Mitigating selection bias in synthetic lethality prediction using metric learning
More Info
expand_more
Abstract
Synthetic lethality (SL) is a relationship between two genes, exploited for targeted anti-cancer therapy, whereby functional loss of both genes induces cell death, but the functional loss of either gene alone is non-lethal. Computational prediction of SL gene pairs is sought after because it is expensive to do lab screening for SL. Existing SL labeled pairs from wet- lab experiments often focus on specific genes or pathways, resulting in notable selection bias. Current SL prediction methods ignore this bias when training on available SL labels, and fail to generalize if test sets follow a different selection bias. One way to mitigate bias is to incorporate unlabeled pairs during model learning. However, conventional semi-supervised methods such as self-training can reinforce bias by adding confidently pseudolabeled pairs, which tend to be most similar to previously included samples.
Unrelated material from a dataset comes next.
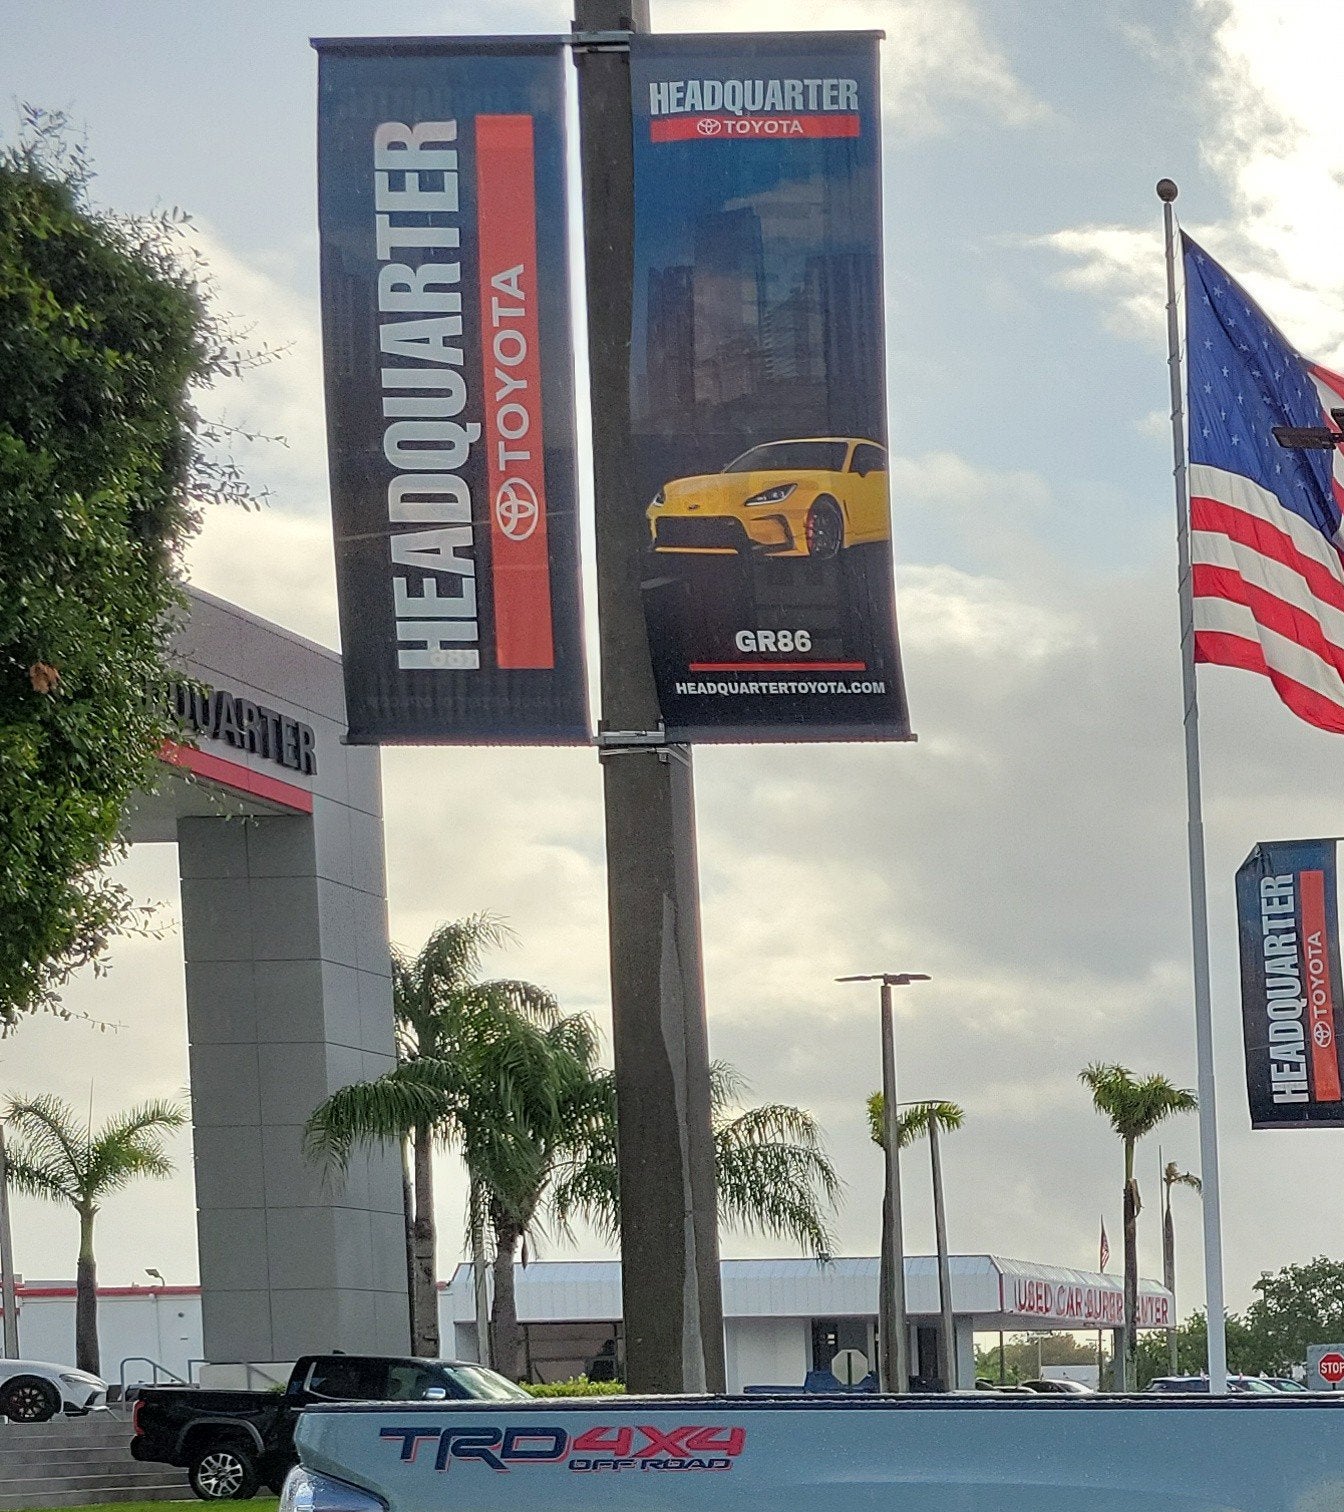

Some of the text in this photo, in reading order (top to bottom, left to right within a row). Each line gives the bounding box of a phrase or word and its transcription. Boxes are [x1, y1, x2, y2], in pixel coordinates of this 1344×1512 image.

We present DBST, a self-training strategy that addresses the issue by promoting diversity in the selection of pseudolabeled samples. This is achieved using metric learning to find a class-contrastive representation of the feature space, based on which DBST selects diverse (or dissimilar) pseudolabeled pairs. In results for five cancer types, semi-supervised models, including DBST, delivered improved SL prediction performance over the supervised model. Additionally, DBST successfully incorporated unlabeled samples that were more dissimilar among them compared to standard self-training. In experiments with differing biases between train and test sets, DBST showed a slight improvement in performance compared to the supervised model.